# Energy released during explosion

1. Feb 26, 2007

### enter260

A projectile of mass 20.6 kg is fired at an angle of 59.0^\circ above the horizontal and with a speed of 76.0 m/s. At the highest point of its trajectory the projectile explodes into two fragments with equal mass, one of which falls vertically with zero initial speed. You can ignore air resistance.

How much energy is released during the explosion?

Conservation of momentum and Kinetic Energy Equation

Change in KE=Kf-Ki

So. I used conservation of momentum to find that the speed of the top fragment is 152 m/s. I plug it into the kinetic energy equations but my answer is not accepted on my hw site. I plugged in...
Change in KE= (.5)(10.3)(152)^2-(.5)(20.6)(16)^2=59492.8 J which is wrong.

2. Feb 26, 2007

### AlephZero

The velocities of 152 m/s and 16 m/s in your energy equation both look wrong.

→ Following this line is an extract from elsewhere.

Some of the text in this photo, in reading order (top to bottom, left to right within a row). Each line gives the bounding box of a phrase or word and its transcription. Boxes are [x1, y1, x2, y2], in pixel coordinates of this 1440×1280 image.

How did you get those numbers?

3. Feb 26, 2007

### sidrox

$$\frac{1}{2} m1 v^2 = Energy Released + \frac{1}{2} m2 v^2$$

4. Feb 26, 2007

### sidrox

m1 and m2 are two the two masses....

5. Feb 26, 2007

### AlephZero

Yes that equation is OK. I was asking how you got the two velocities 152 and 16 to plug into the equation.

6. Feb 26, 2007

### enter260

Typo on my part. I wanted initial velocity to be 76 m/s (instead of 16).
76 was given, and 152 I obtained through the conservation of momentum equation.

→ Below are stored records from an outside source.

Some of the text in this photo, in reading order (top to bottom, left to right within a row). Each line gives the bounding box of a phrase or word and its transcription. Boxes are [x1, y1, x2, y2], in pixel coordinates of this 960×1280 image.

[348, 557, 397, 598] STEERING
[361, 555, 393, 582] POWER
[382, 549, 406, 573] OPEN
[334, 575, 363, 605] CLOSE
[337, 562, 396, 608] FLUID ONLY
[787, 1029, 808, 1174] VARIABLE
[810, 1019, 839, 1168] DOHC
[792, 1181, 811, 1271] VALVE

(20.6 kg)(76 m/s)= (10.3 kg) (Velocity of fragment)
Solving that equation yielded 152 m/s.

Assuming that velocity is correct and I use your equation sidrox, wouldn't I still get 59492.8 J since the velocity of the other particle is zero?

7. Feb 26, 2007

### AlephZero

The projectile has a velocity of 76 m/s when it is launched. The explosion occurs when it is at its highest point.

You need to find the velocity at the highest point first.

Remember for a projectile the horizontal component of velocity is constant. At the highest point the vertical component of velocity is 0.

After that mistake, what you did is correct.

If the whole projectile has velocity V at the highest point, then the two parts will have velocities 0 and 2V. That is what you did, except you used V = 76 m/sec and that is the wrong value.

8. Feb 26, 2007

### enter260

Many thanks. I solved for it correctly and calculated that the speed as the highest point turns out to be 39.14. Then I just plugged it in and it worked. Thank you again.